SandRidge Energy Inc. has focused its drilling efforts and slashed spending after discussions between its management team and newly expanded board, the Oklahoma City-based oil and natural gas company said Tuesday.
“This effort has resulted in notable changes to the 2013 business plan, including an increasing focus on capital discipline, creating sustainable returns and lowering risk levels,” the company said in a statement Tuesday.
As a result, SandRidge lowered its planned 2013 capital expenditure budget to $1.45 billion, which is a $700 million decrease from 2012.

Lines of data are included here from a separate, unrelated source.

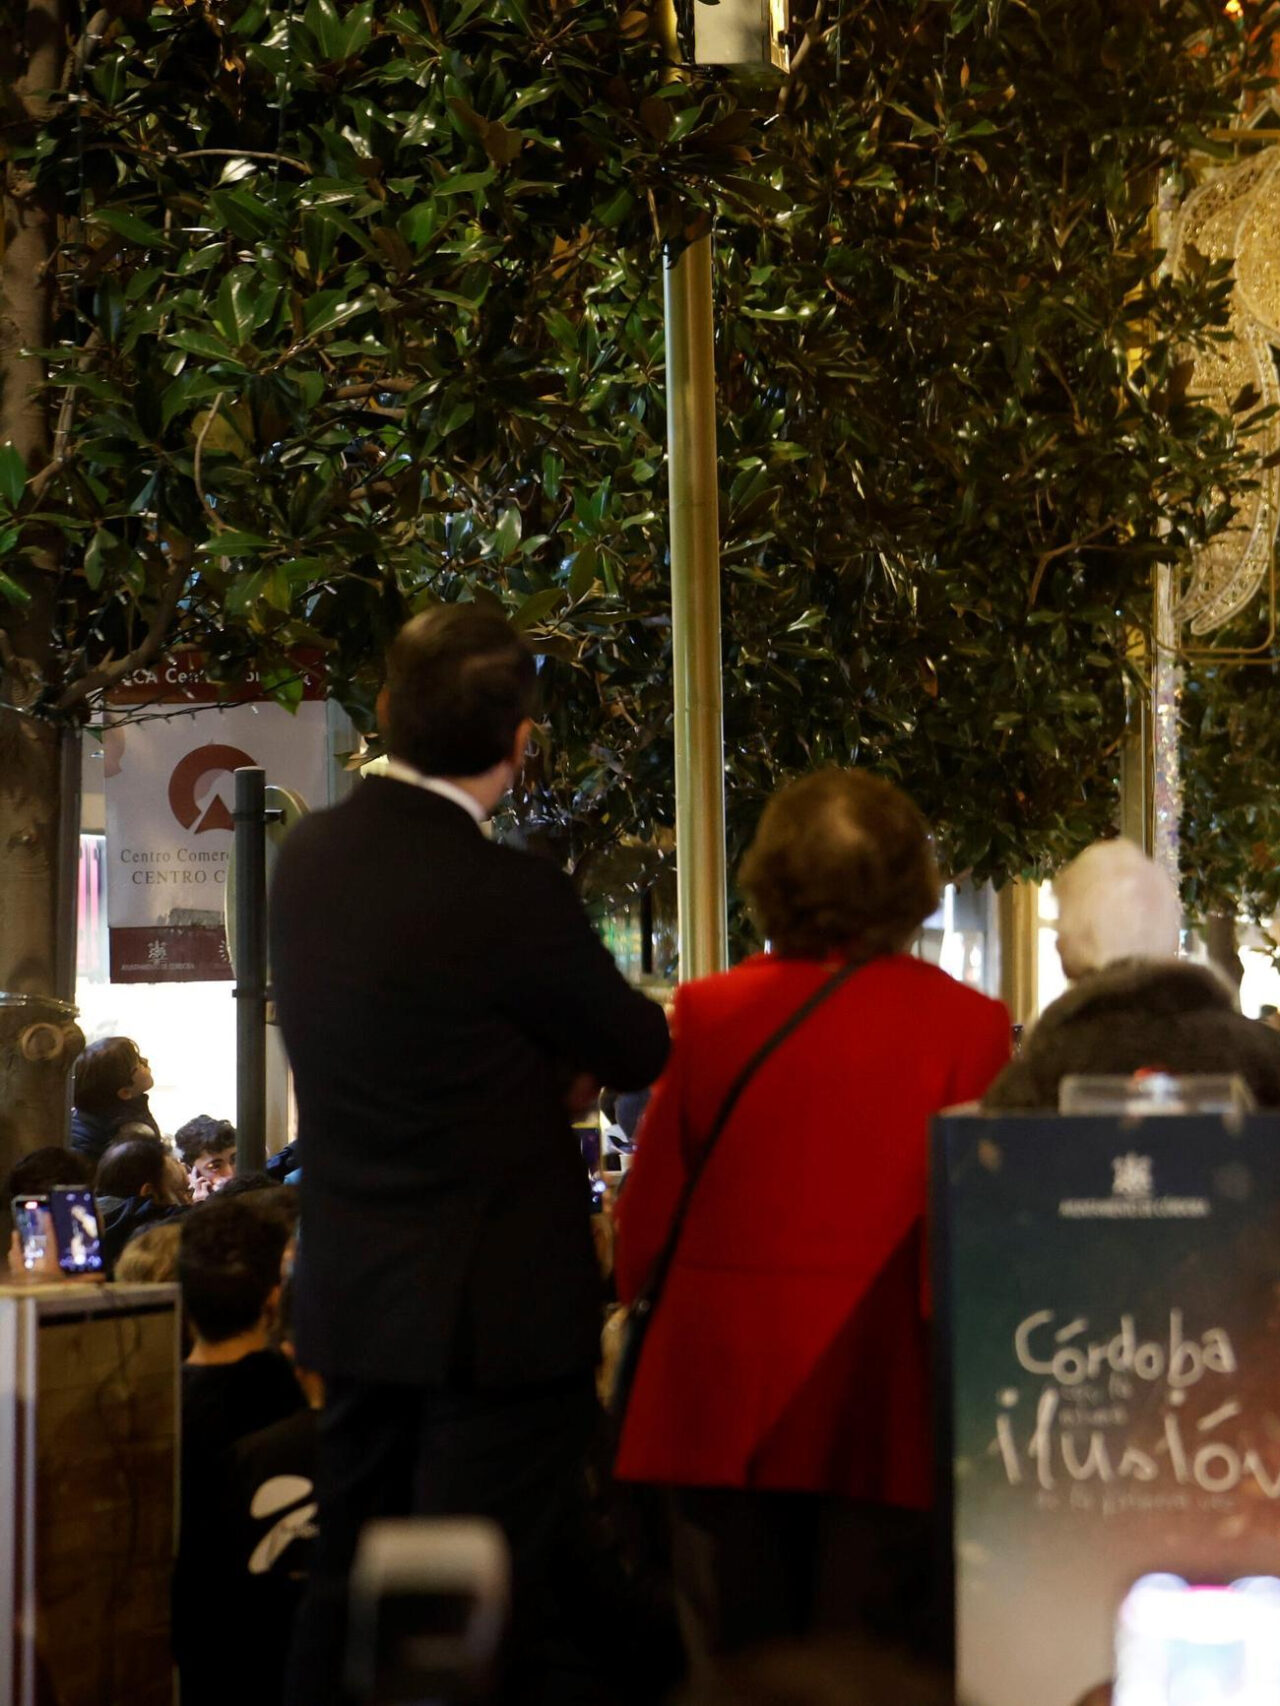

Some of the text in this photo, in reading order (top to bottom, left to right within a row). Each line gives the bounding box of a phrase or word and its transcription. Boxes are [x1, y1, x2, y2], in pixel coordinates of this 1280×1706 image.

[120, 848, 171, 864] Centro
[132, 869, 226, 885] CENTRO C
[1015, 1306, 1238, 1387] Córdoba
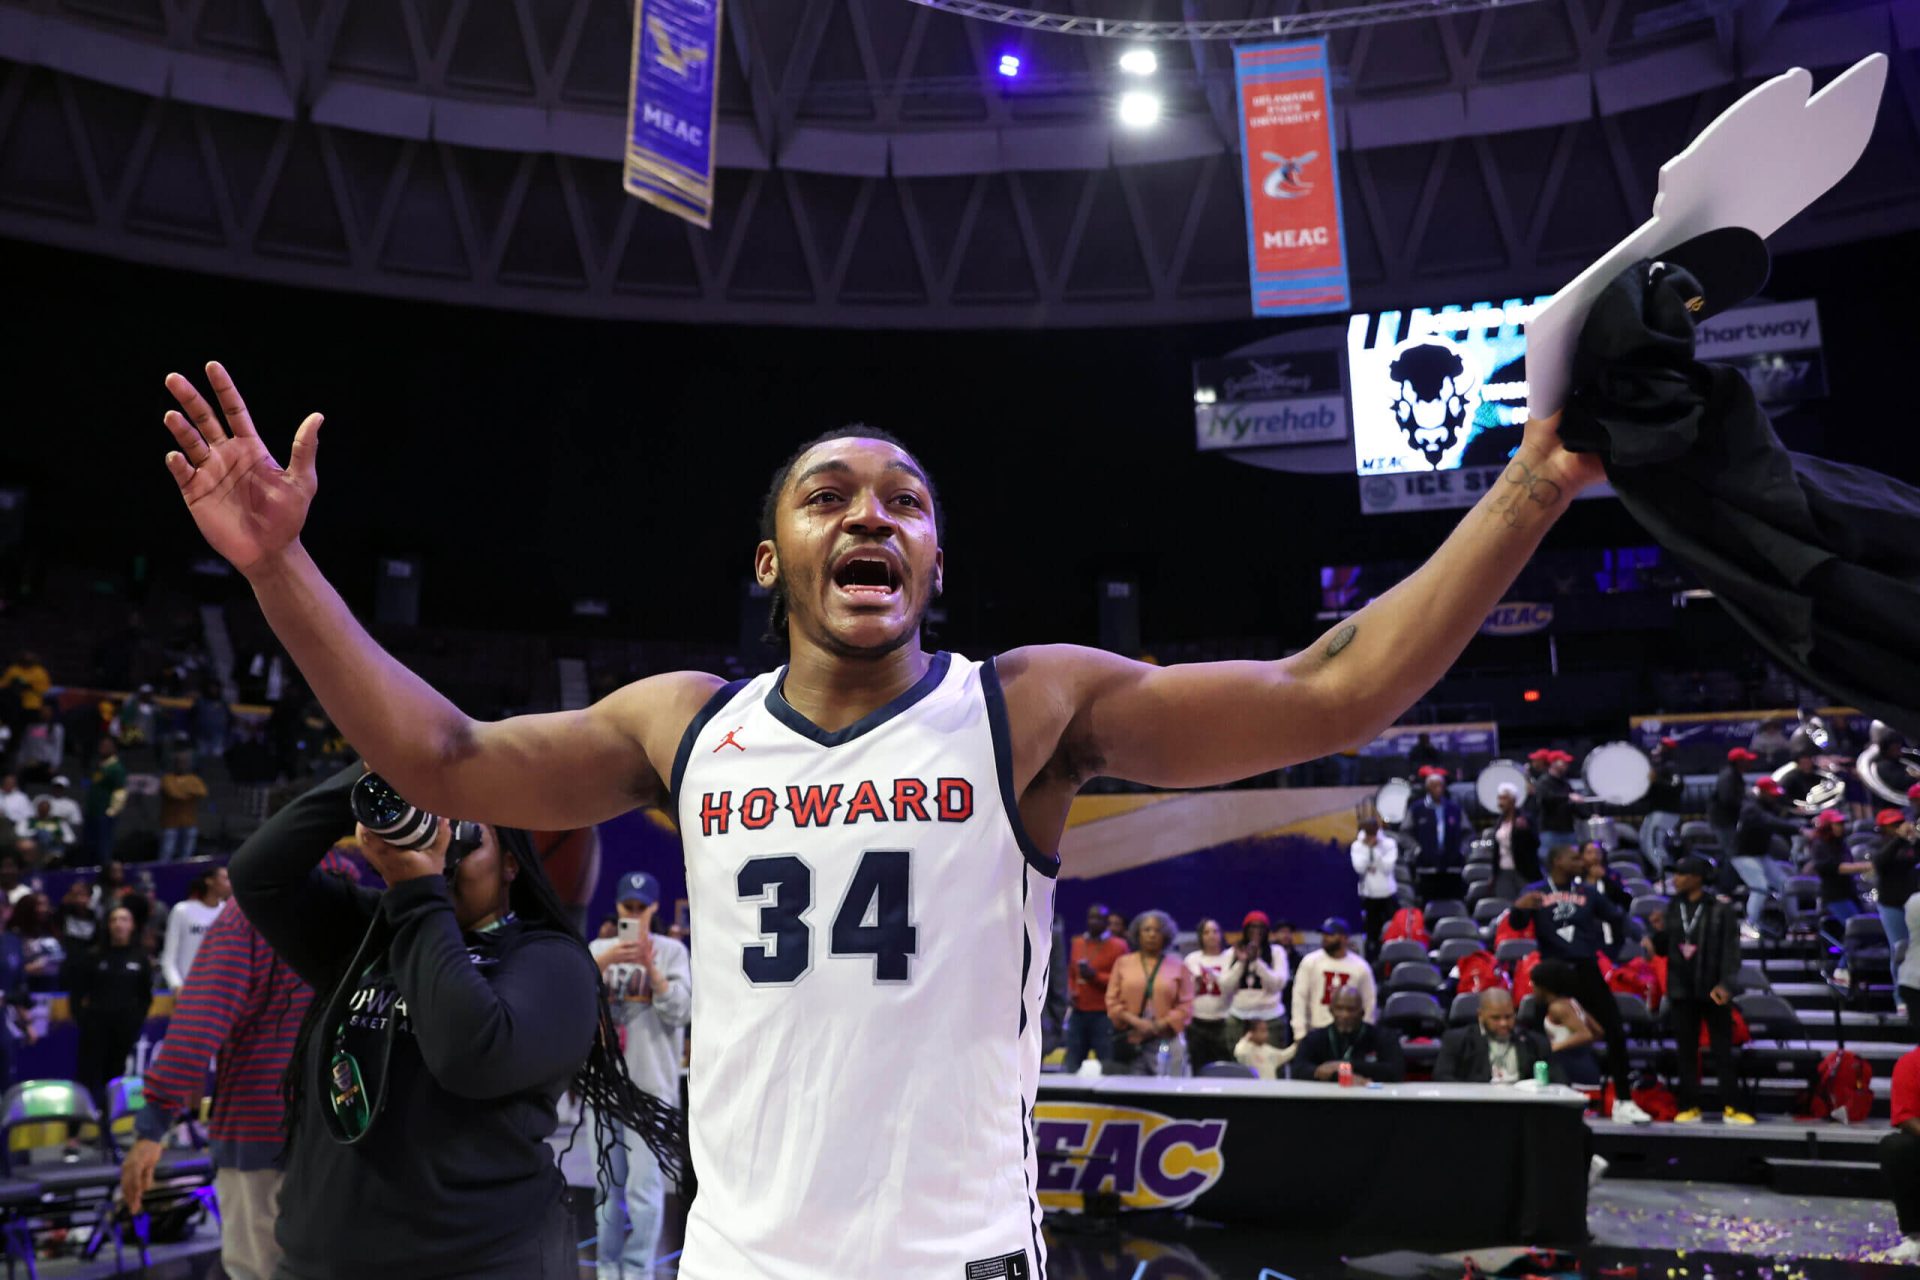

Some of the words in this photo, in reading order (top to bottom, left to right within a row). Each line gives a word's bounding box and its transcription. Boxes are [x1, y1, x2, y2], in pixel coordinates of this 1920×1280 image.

[642, 102, 704, 147] MEAC
[1263, 226, 1328, 249] MEAC
[1405, 474, 1455, 496] ICE
[699, 777, 974, 837] HOWARD
[733, 847, 922, 988] 34
[1034, 1119, 1229, 1200] EAC
[1013, 1262, 1022, 1277] L

“With a continued focus on developing our proven assets in the Mississippian Play, we increased production while maintaining our industry-leading drilling and production costs in the area,” SandRidge Chairman and CEO Tom Ward said.
“In addition, the sale of the Permian assets allowed us to increase cash and redeem $1.1 billion of debt in the first quarter. Most notably, as of May 1, our cash totaled approximately $1.26 billion, with available liquidity of approximately $2 billion and no amount drawn on our senior credit facility. This is a direct result of our employees' ongoing commitment to increasing shareholder value through efficient and cost-effective operations.”
Also Tuesday, SandRidge reported a first-quarter net loss of $493 million, or $1.03 a share, down from a loss of $232 million, or 58 cents a share, in the first quarter of 2012. Revenue increased 34 percent to nearly $512 million, up from almost $382 million one year ago.